- WHAT IS EXPECTED -
The response should consist solely of the line containing "this 1932×1932 image." and the lines after it through the end of the listing below, repeated exactly.

- DATA PROVIDED -
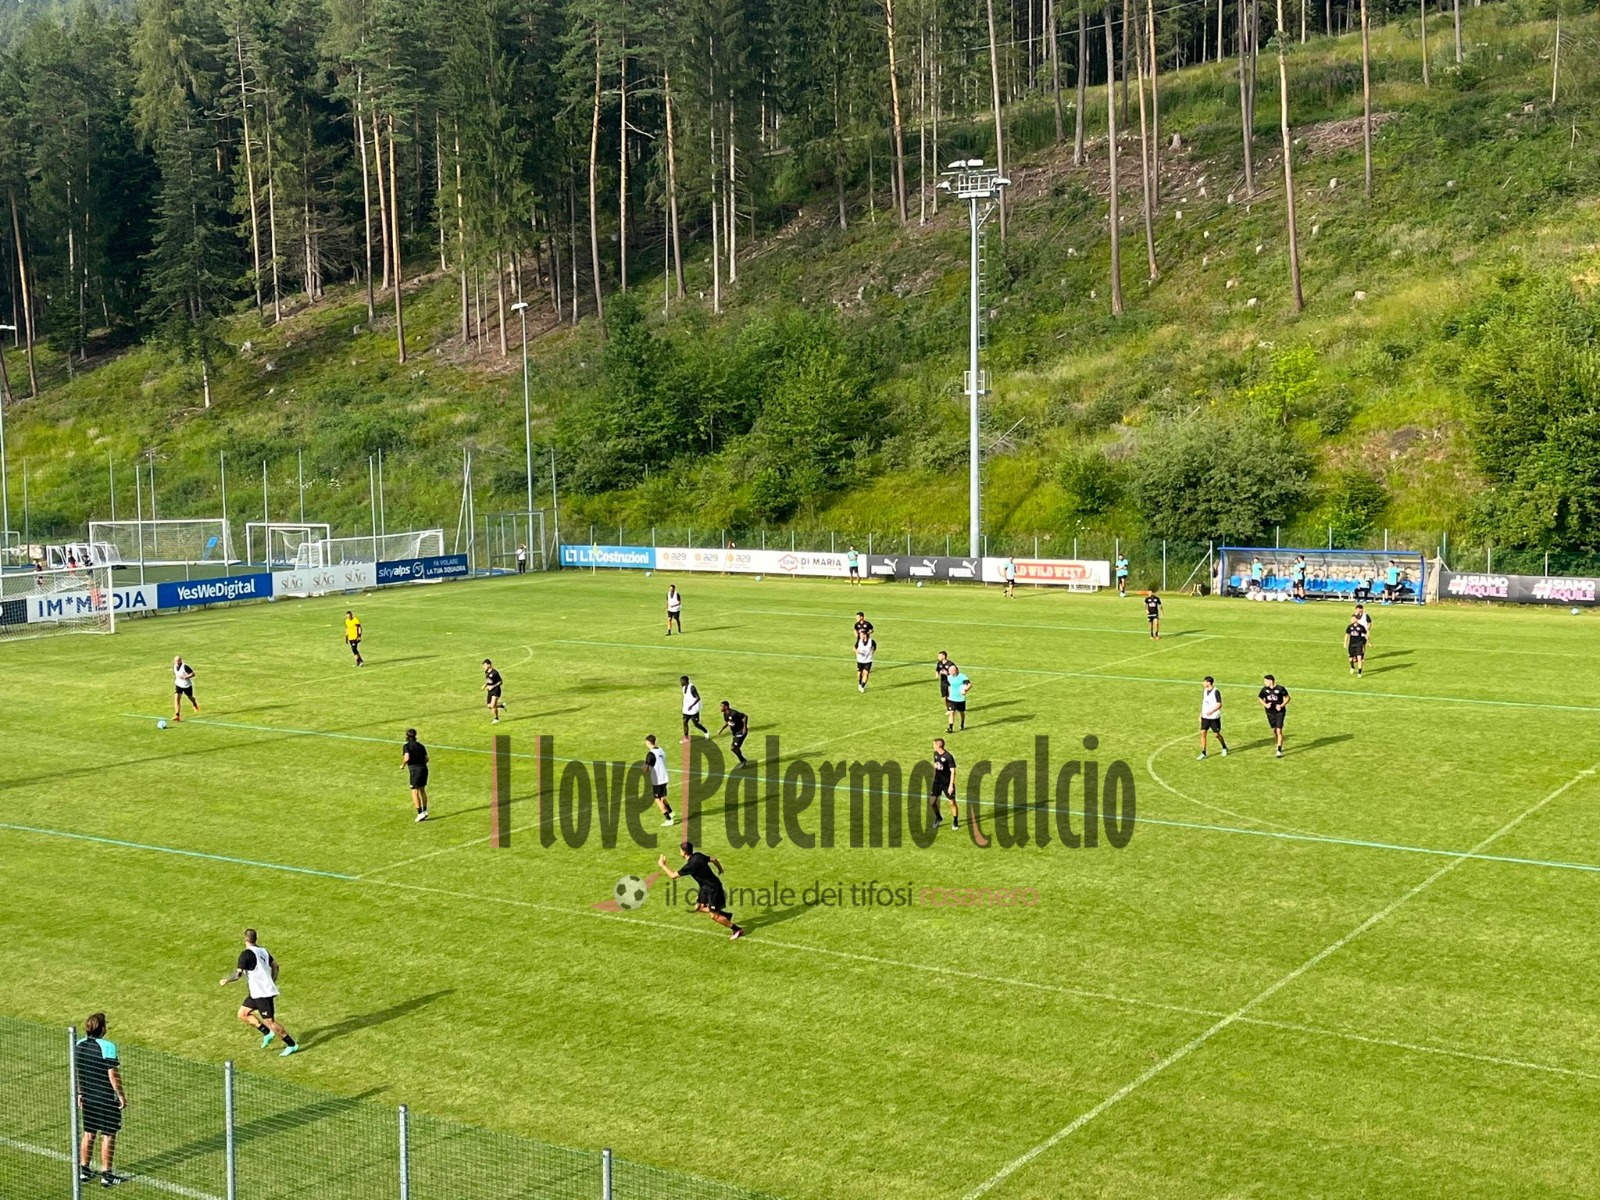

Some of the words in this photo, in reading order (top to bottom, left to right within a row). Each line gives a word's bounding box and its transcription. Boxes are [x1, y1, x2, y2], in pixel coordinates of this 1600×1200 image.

[595, 551, 649, 564] Costruzioni
[801, 557, 810, 565] DI
[813, 558, 842, 567] MARIA
[378, 565, 411, 578] skyalps
[1027, 565, 1052, 577] WILD
[1054, 566, 1083, 578] WEST
[177, 578, 256, 600] YesWeDigital
[1465, 585, 1508, 597] AQUILE
[1549, 588, 1595, 601] AQUILE
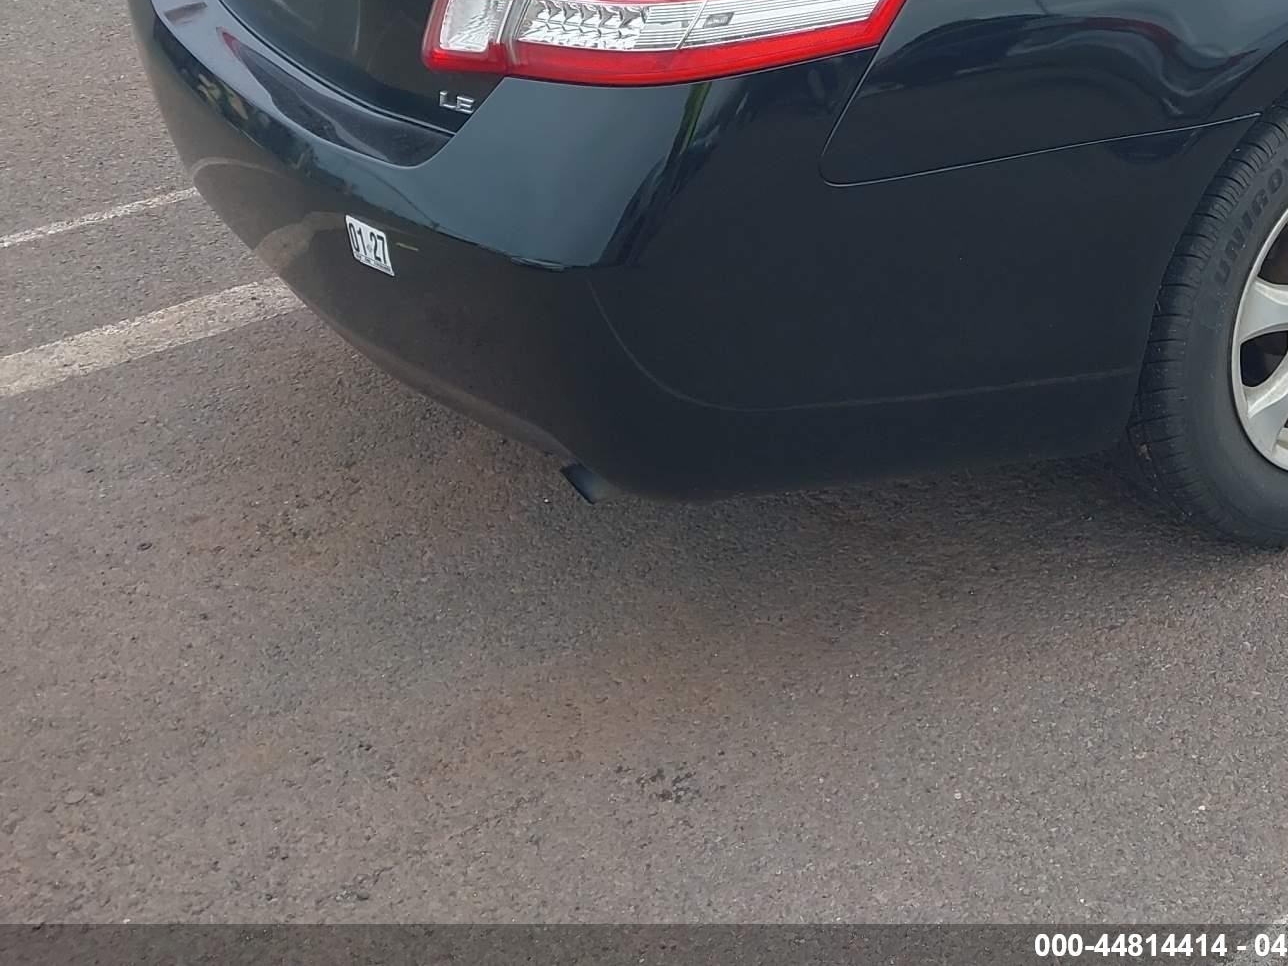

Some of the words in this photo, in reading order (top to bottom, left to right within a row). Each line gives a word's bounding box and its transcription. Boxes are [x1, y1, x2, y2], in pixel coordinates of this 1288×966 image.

[439, 91, 475, 114] LE
[348, 222, 367, 256] 01
[369, 231, 388, 265] 27
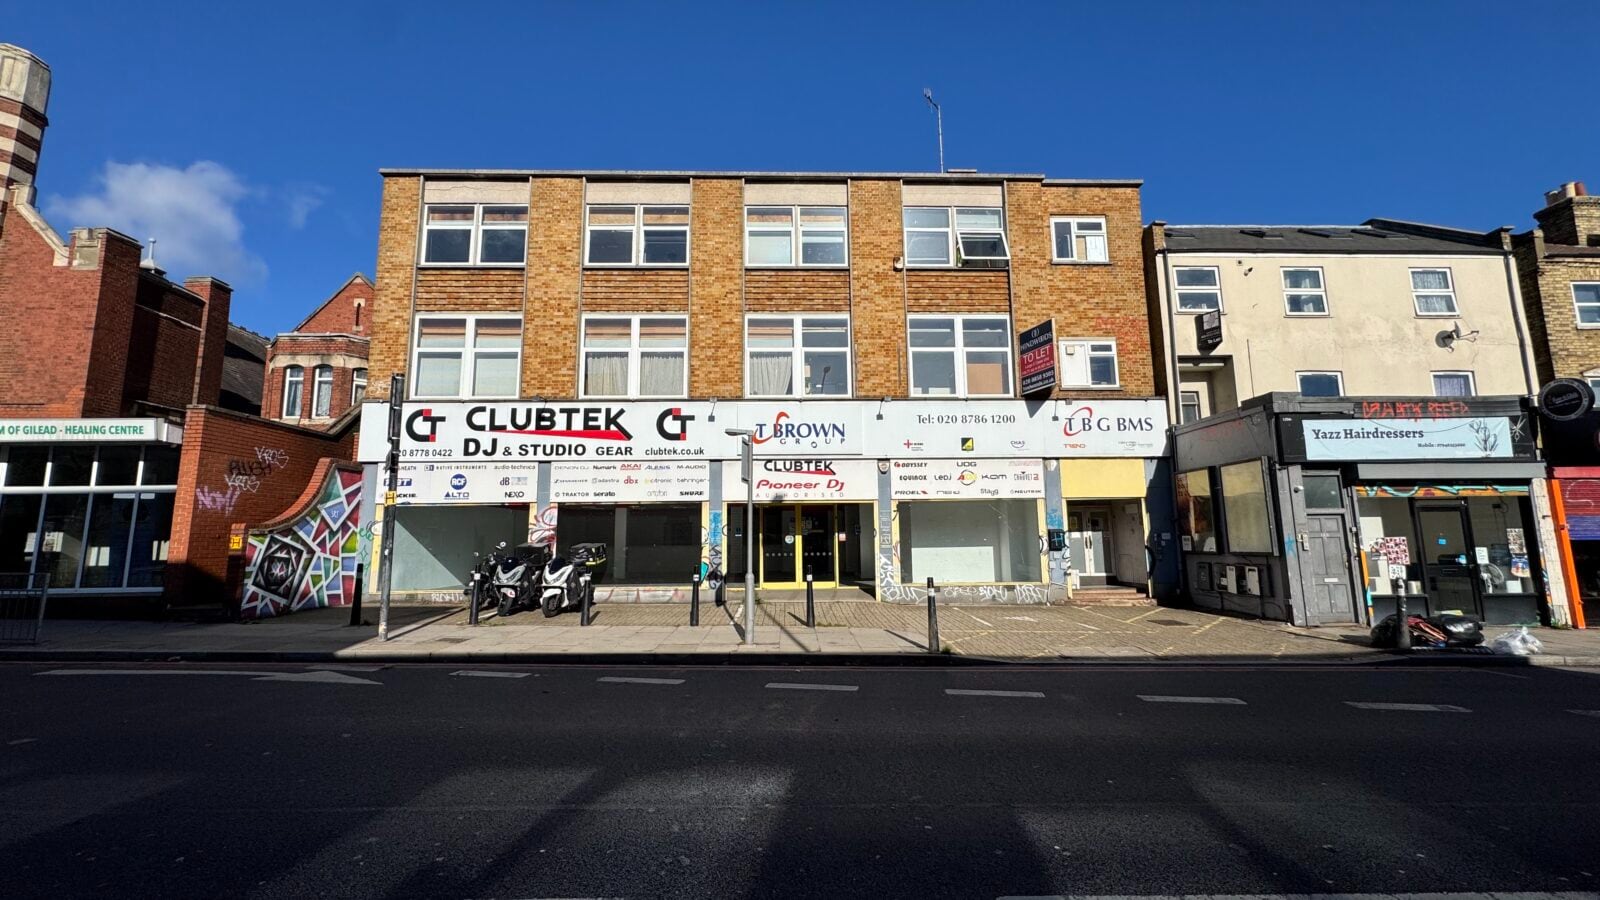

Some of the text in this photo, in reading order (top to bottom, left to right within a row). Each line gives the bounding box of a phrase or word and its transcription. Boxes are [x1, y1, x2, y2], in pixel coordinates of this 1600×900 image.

[1023, 353, 1034, 364] TO
[1036, 345, 1051, 360] LET
[466, 406, 633, 441] CLUBTEK
[917, 414, 1016, 424] Tel: 020 8786 1200
[1082, 418, 1092, 431] B
[1097, 418, 1110, 431] G
[1117, 418, 1153, 431] BMS
[7, 426, 20, 435] OF
[23, 425, 57, 435] GILEAD
[65, 425, 106, 434] HEALING
[109, 425, 144, 435] CENTRE
[773, 423, 846, 438] BROWN
[1312, 427, 1424, 440] Yazz Hairdressers
[463, 438, 633, 457] DJ & STUDIO GEAR
[780, 438, 845, 448] GROUP
[408, 449, 430, 457] 8778
[432, 449, 453, 457] 0422
[645, 446, 705, 456] clubtek.co.uk
[764, 460, 836, 475] CLUBTEK
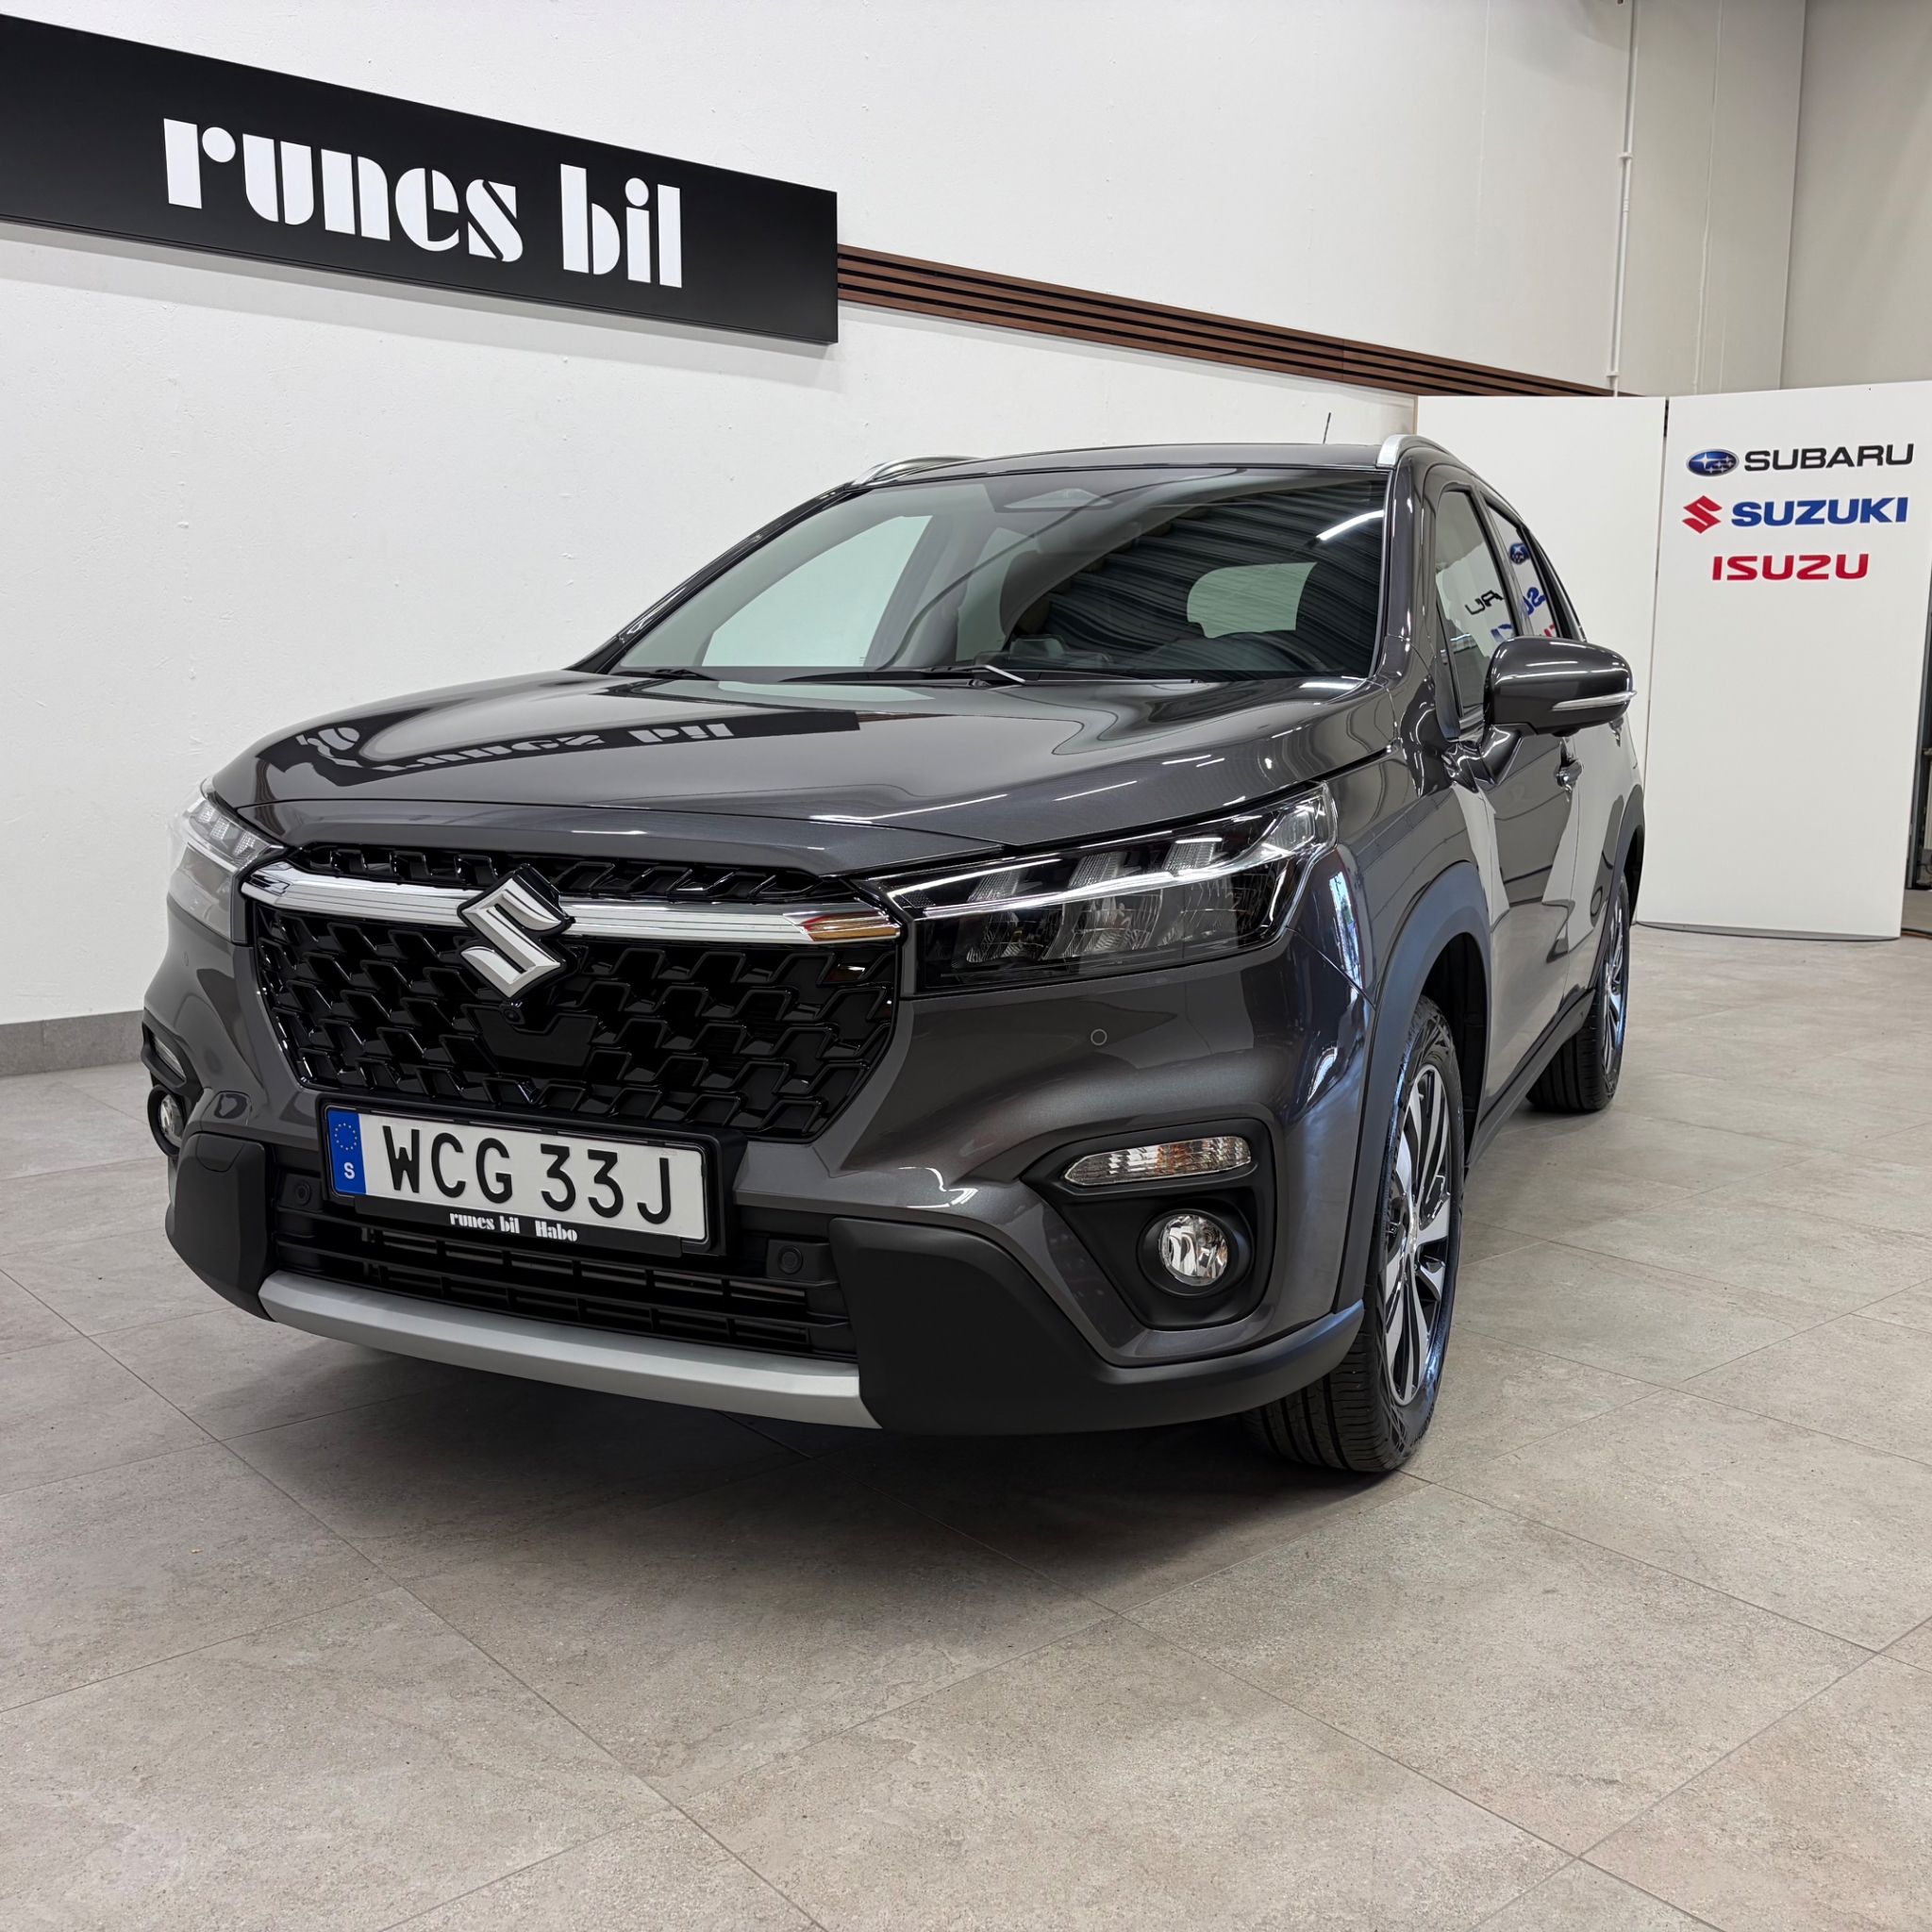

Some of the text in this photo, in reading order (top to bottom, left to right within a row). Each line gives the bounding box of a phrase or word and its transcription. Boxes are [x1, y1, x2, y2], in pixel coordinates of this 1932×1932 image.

[163, 118, 683, 289] runes bil
[1743, 442, 1915, 473] SUBARU
[1731, 496, 1909, 527] SUZUKI
[1711, 552, 1870, 582] ISUZU
[343, 1161, 357, 1180] S
[382, 1124, 672, 1225] WCG 33J
[449, 1212, 578, 1242] runes bil Habo

- ANSWER TO THE PROBLEM -
Some of the text in this photo, in reading order (top to bottom, left to right within a row). Each line gives the bounding box of a phrase or word and its transcription. Boxes are [x1, y1, x2, y2], in pixel coordinates of this 1932×1932 image.

[163, 118, 683, 289] runes bil
[1743, 442, 1915, 473] SUBARU
[1731, 496, 1909, 527] SUZUKI
[1711, 552, 1870, 582] ISUZU
[343, 1161, 357, 1180] S
[382, 1124, 672, 1225] WCG 33J
[449, 1212, 578, 1242] runes bil Habo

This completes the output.